Le nombre d’animaux nécessaires pour ce projet a été calculé à l’aide d’outils statistiques pour limiter au maximum le nombre d’animaux en permettant l’obtention de résultats statiquement significatifs.

3. Raffinement

3R / Raffinement :

Les animaux seront manipulés sur plusieurs jours avant le début des expériences afin de limiter leurs stress. Lors de la chirurgie, les animaux seront anesthésiés et recevront des anesthésiques locaux pour gérer la douleur. Les animaux seront ensuite suivis quotidiennement afin de surveiller leur bien-être et de surveiller les éventuels signes de souffrance ou de stress. Les plaies seront mesurées tous les jours pour contrôler la vitesse de cicatrisation et l’état général de celles-ci (propreté, aspect…). Les pansements recouvrant la plaie seront changés tous les jours afin de limiter les risques d’infection. Toutes ces mesures ainsi que le nettoyage de la plaie nécessitant d’anesthésier les souris, elles seront espacées d’au moins deux jours si les premières expériences montrent que cela est possible.
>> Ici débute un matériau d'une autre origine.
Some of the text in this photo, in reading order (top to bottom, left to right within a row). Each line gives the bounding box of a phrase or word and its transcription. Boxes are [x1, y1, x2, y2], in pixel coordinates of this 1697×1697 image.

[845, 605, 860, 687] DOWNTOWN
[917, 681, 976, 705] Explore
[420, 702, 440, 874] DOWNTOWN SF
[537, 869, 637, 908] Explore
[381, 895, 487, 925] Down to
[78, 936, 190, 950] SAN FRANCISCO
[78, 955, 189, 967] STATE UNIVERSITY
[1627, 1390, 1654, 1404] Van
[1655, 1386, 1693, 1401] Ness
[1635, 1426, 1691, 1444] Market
Une grille de score a été établie afin d’évaluer quotidiennement l’état des souris et des points limites adaptés ont été définis. Si la souris présente des signes de douleur de la buprénorphine sera administrée. Si une infection de la peau est détectée, celle-ci sera d’abord traitée à l’aide d’antibiotique et d’antiseptique, ce qui ne devrait pas impacter le processus de fermeture de la plaie. Si aucune amélioration ou à l’inverse qu’une aggravation de l’aspect de la plaie est observée, cela constitue un point limite. Ce suivi des souris s’applique à toute procédure.

Expliquer le choix des espèces et les stades de développement y afférents.
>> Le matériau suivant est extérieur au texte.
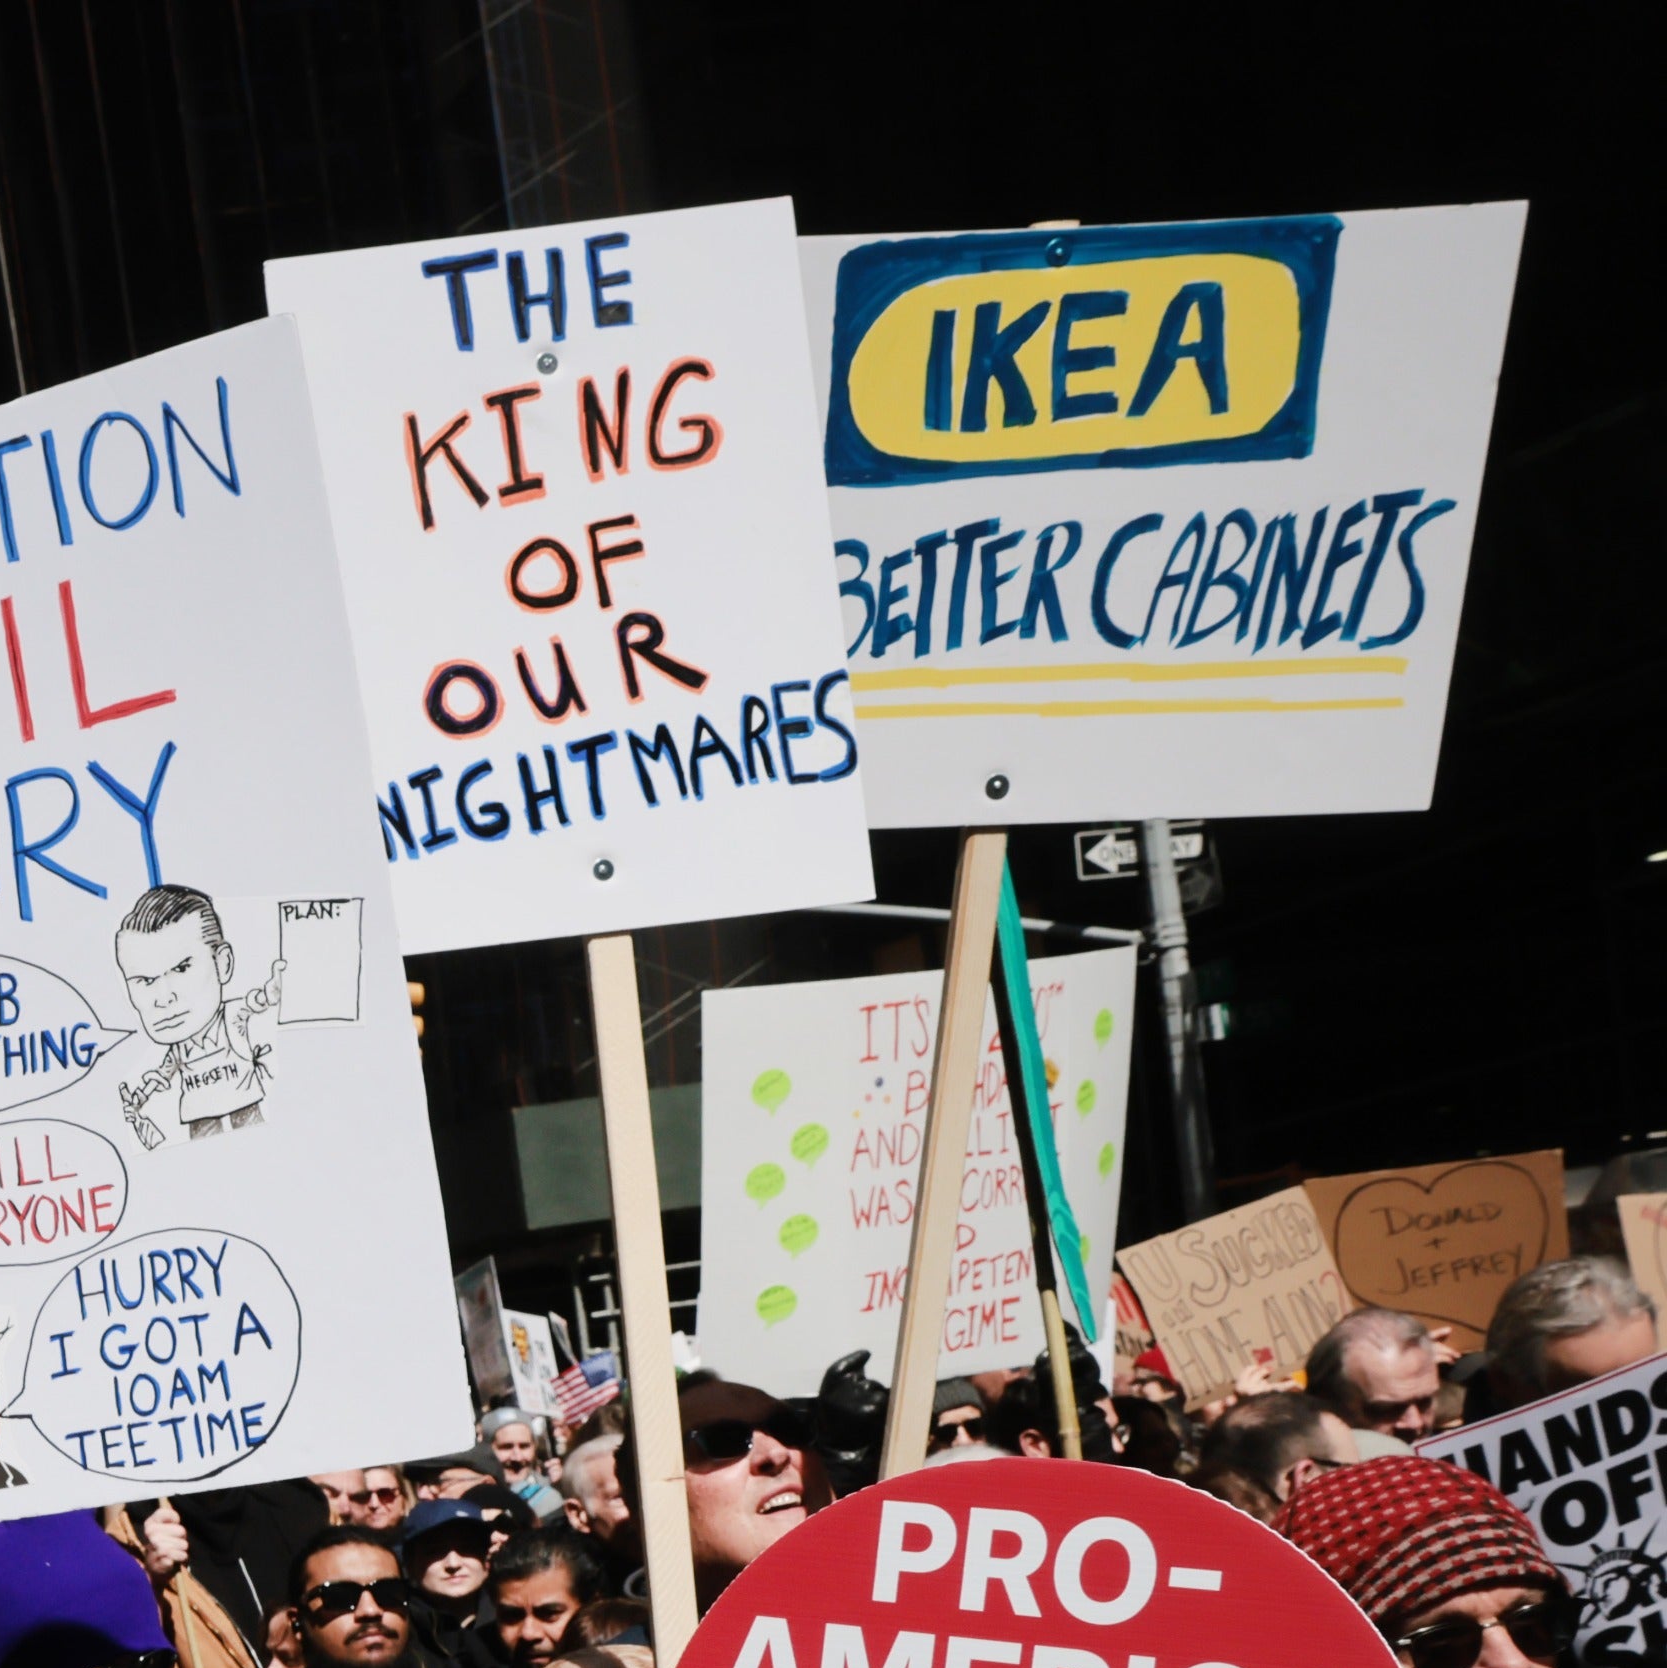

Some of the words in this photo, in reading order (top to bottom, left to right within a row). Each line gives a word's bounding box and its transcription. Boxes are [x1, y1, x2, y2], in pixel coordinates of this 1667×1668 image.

[422, 232, 635, 352] THE
[923, 282, 1228, 433] IKEA
[402, 357, 724, 532] KING
[504, 513, 644, 614] OF
[834, 517, 1083, 660] BETTER
[1091, 487, 1458, 656] CABINETS
[422, 610, 710, 739] OUR
[376, 669, 858, 861] NIGHTMARES
[283, 902, 342, 922] PLAN:
[185, 1063, 238, 1091] HEGSETH
[851, 1121, 921, 1173] AND
[850, 1180, 914, 1230] WAS
[963, 1168, 1026, 1213] CORR
[75, 1239, 232, 1321] HURRY
[1378, 1243, 1524, 1296] JEFFREY
[49, 1331, 82, 1379] I
[99, 1312, 210, 1372] GOT
[232, 1303, 272, 1356] A
[944, 1296, 1021, 1353] GIME
[1540, 1450, 1667, 1546] OF
[872, 1499, 1224, 1626] PRO-
Le rôle de la sénescence dans la réparation tissulaire a été bien décrit chez la souris. Les mécanismes de sénescence sont similaires chez la souris et l’homme. En plus, des données de notre laboratoire montrent que le mécanisme de sénescence induit par la protéine d’intérêt est conservée chez les cellules de souris comme chez les cellules humaines. De plus, le modèle d’excision cutanée murin utilisé dans ce projet a été montré comme mimant le processus de réparation cutanée humain, ce qui pourrait déboucher sur des données applicables cliniquement.